I meant to post this before I jetted off to the US for a while. It's a report on my initial impressions of Medieval: Total War - Kingdoms, which may be of interest to humans.

I'll confess that I didn't actually give the original game as much of my attention as I'd have liked. I wasn't commissioned to review it, so couldn't give it any of my professional time and there was so much else around that was genuinely new, returning to an old friend like a Total War games was relatively down my list. Which is a shame - and serves me right. Getting stuck into the add-on pack is a startling experience, and that it doesn't include any Carthaginians doesn't stop me loving it.

That aside, it's interesting to note that Medieval II was the first time in the Total War series which it wasn't determinedly pushing onwards.
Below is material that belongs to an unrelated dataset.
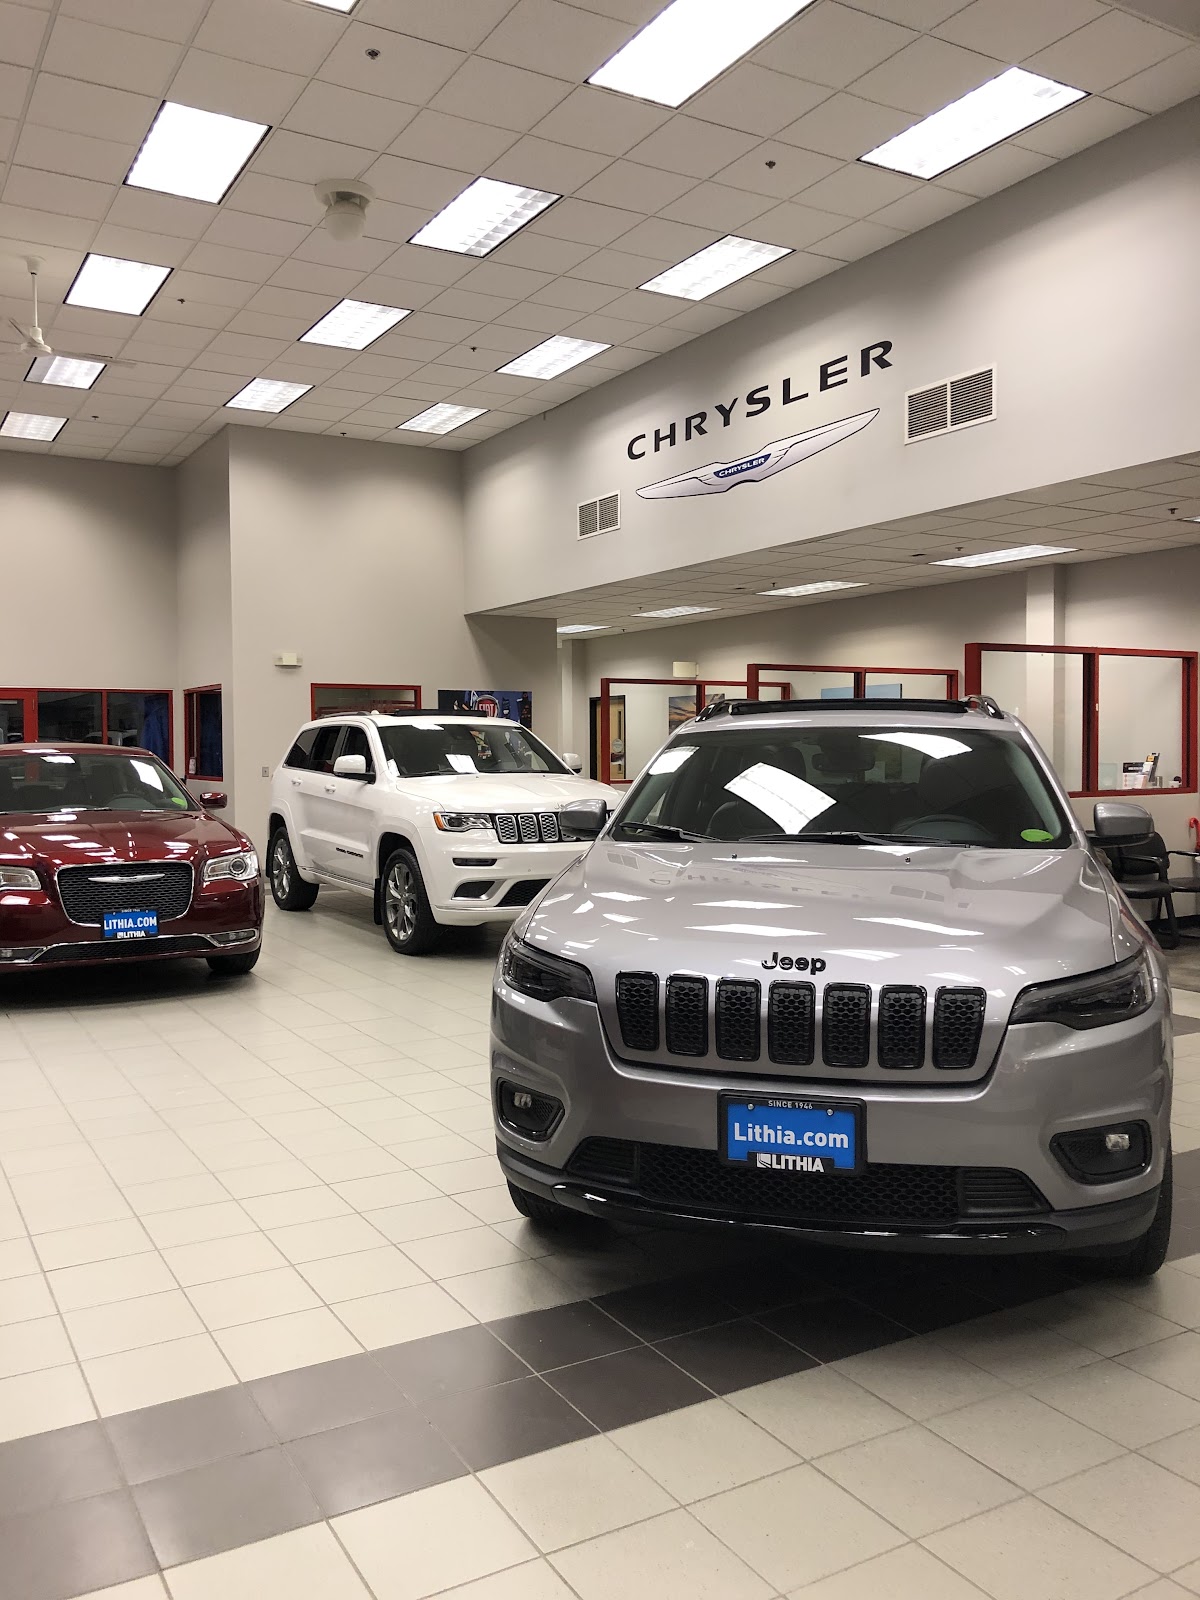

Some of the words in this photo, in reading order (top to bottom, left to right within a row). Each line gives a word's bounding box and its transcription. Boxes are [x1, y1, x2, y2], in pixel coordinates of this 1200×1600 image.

No matter what your particularly favourite is - and there's an argument that the less-units in Shogun leads to an increased purity to the actual game, rather than wrestling with dozens of very similar unit types - there was an actual step forward every time in the road from Shogun to Medieval to Rome. The advances in Medieval II are relatively sleight, a matter of approach and polish rather than a fundamental change.

From what rumours I hear, the next proper Total War game is about to be announced. What it includes and doesn't include will have to be picked over. It could be a sign whether it's reached the position of static maturity, with the future of the series being one standardisation - the standard franchise slow rise and fall depending on a team's interest - or whether it was Medieval II which was the mistep (in terms of vision), a stopgap stumble when they prepared their next real campaign.

I suspect it's the latter. Which may be optimism, or may be me knowing something I can't talk about yet.

Man!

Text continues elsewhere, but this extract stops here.